Di lottare con tutte le forze per restare a galla, per sostenere l’anima della persona amata.

Di suonare una canzone fino alla fine, fino a morirne.

Di chiudere il ricordo dentro una tasca sfondata. 

Di guardare due occhi e scoprirci dentro quel che resta.

Di sentire che fuori fa un freddo ghiaccio, ma dentro no.

 
 

Ebbene io i conti me li sono fatti, ieri l’altro, perché è inutile parlare se poi non si dà l’esempio.

Ho aspettato 14 anni per tirare questa riga col Titanic, che forse non sarà neanche l’ultima.

E mi sono scoperto ancora lì, a scrutare la figura pienotta e impacciata di Rose, imperfetta faccia di Kate Winslet che non ho mai capito perché mi piace così tanto.

Ho sorriso davanti alle espressioni da branzino di Jack, un DiCaprio che, chi l’avrebbe mai detto allora, occasione dopo occasione si è trasformato in un vero attore. In un campione.

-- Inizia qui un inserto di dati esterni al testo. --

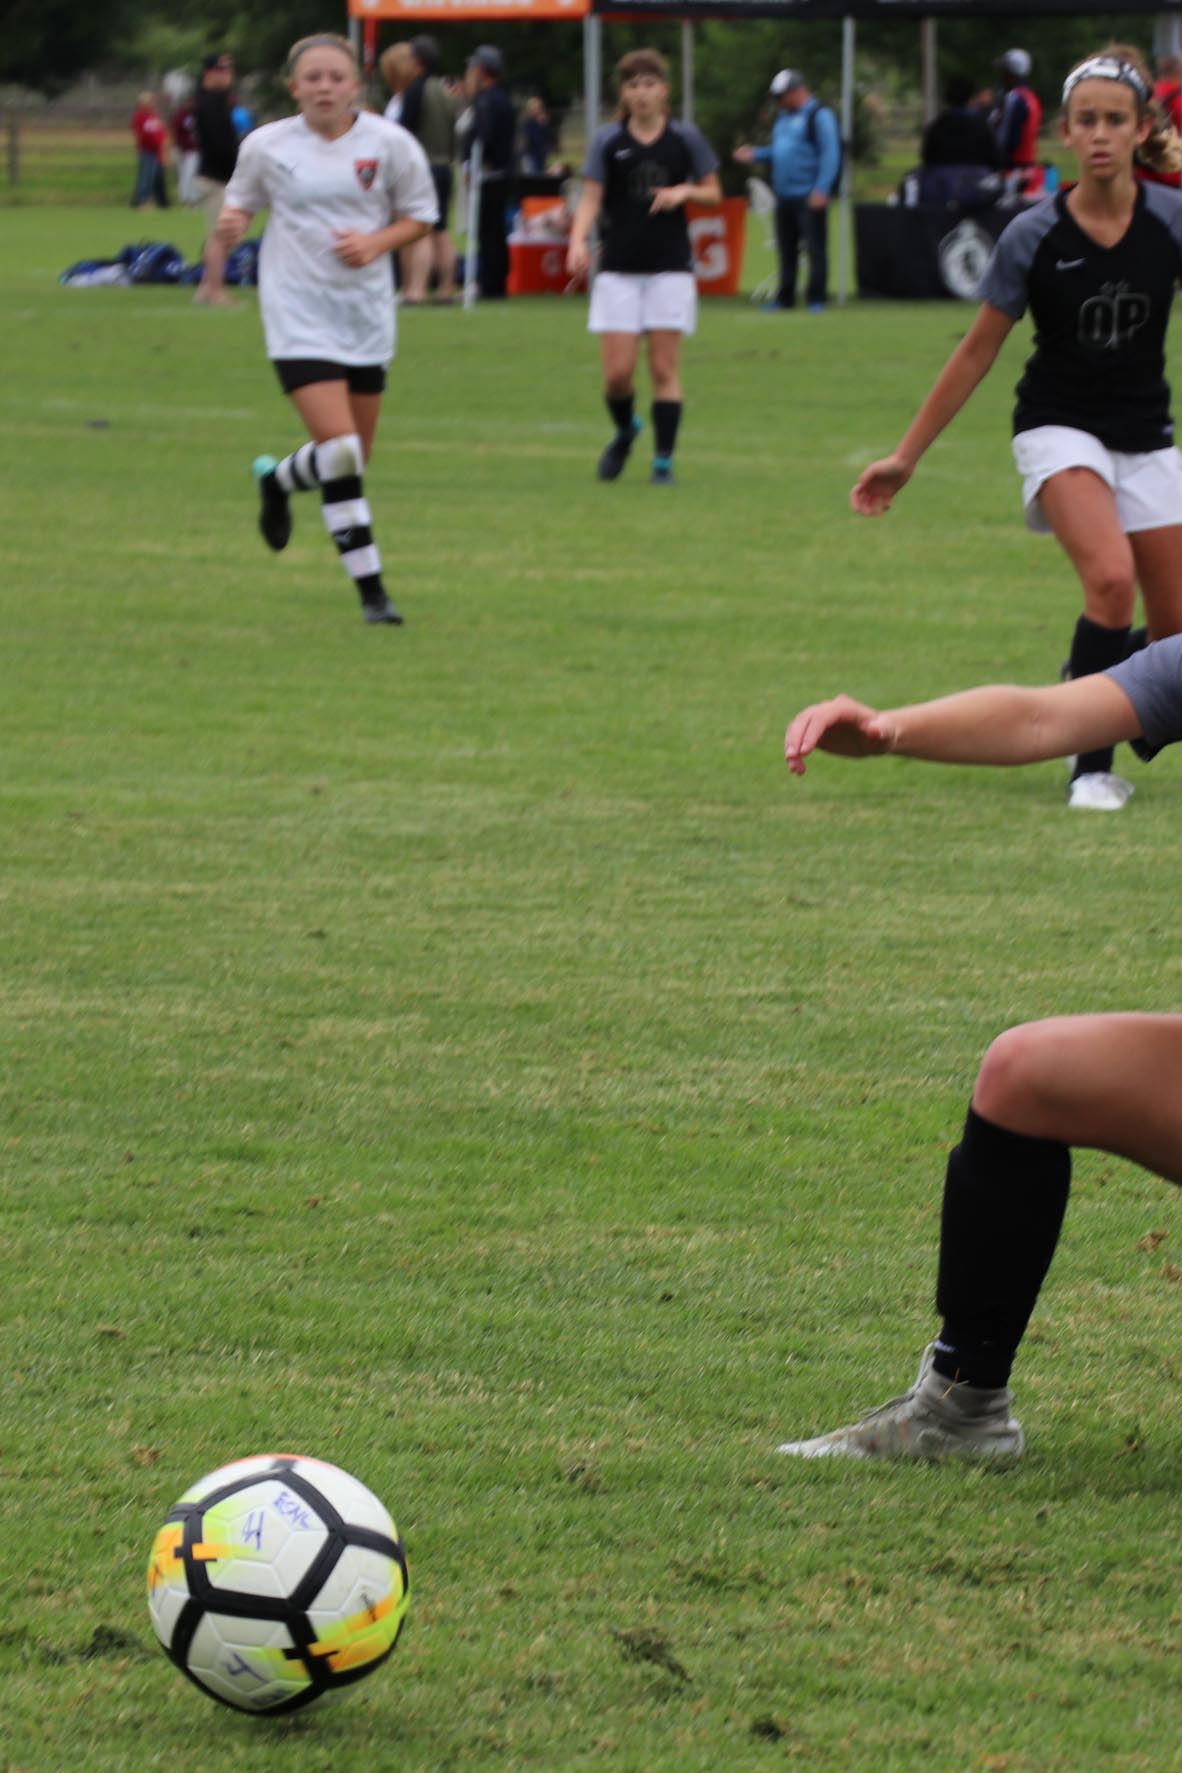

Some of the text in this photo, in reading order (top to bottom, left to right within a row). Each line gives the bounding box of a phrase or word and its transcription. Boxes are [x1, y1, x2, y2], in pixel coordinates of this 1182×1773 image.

[688, 216, 728, 280] G
[1077, 292, 1151, 351] OP
[242, 1510, 265, 1552] 4
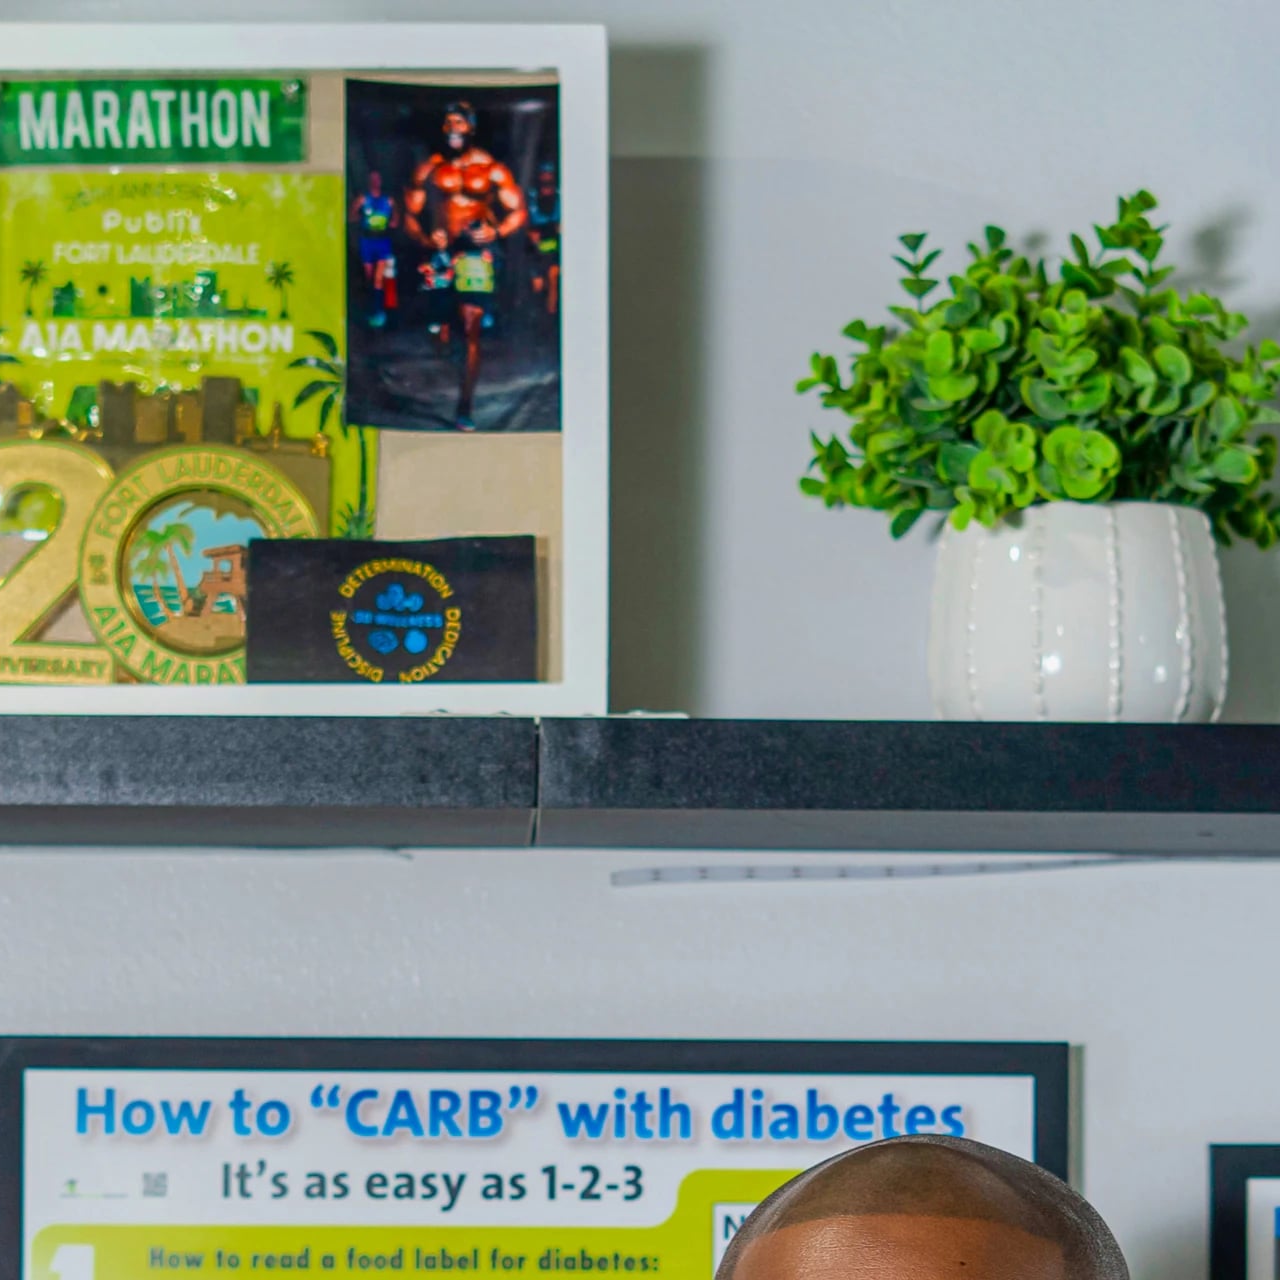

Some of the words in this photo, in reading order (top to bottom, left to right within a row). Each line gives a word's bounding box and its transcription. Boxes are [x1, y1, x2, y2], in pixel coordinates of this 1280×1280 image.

Ho tremato davanti a due vecchi stesi sul letto. Abbracciati.

Ho stretto il cuore davanti all’orchestra che suona. Senza fermarsi mai. Come la Musica. Nostra Dea.

Ho soffiato anche io davanti al fischio che rimane attaccato all’attimo.

Davanti a scialuppe vuote che non vanno da nessuna parte.

Come noi.

E poi sì, ho pianto davanti alla corsa impazzita di due ragazzi: fulgida, argentea, una fiammata, una scarica, un anelito di libertà, la ribellione, l’eternità, lo scacco matto, la parola nuova.         

 
 

Eppure mi sembrava tutto troppo uguale e diverso rispetto a tanti anni fa, quando mi feci tutta la strada a piedi col Biondo per andare a vedere questo mega film che aveva schiavizzato tutto il pianeta.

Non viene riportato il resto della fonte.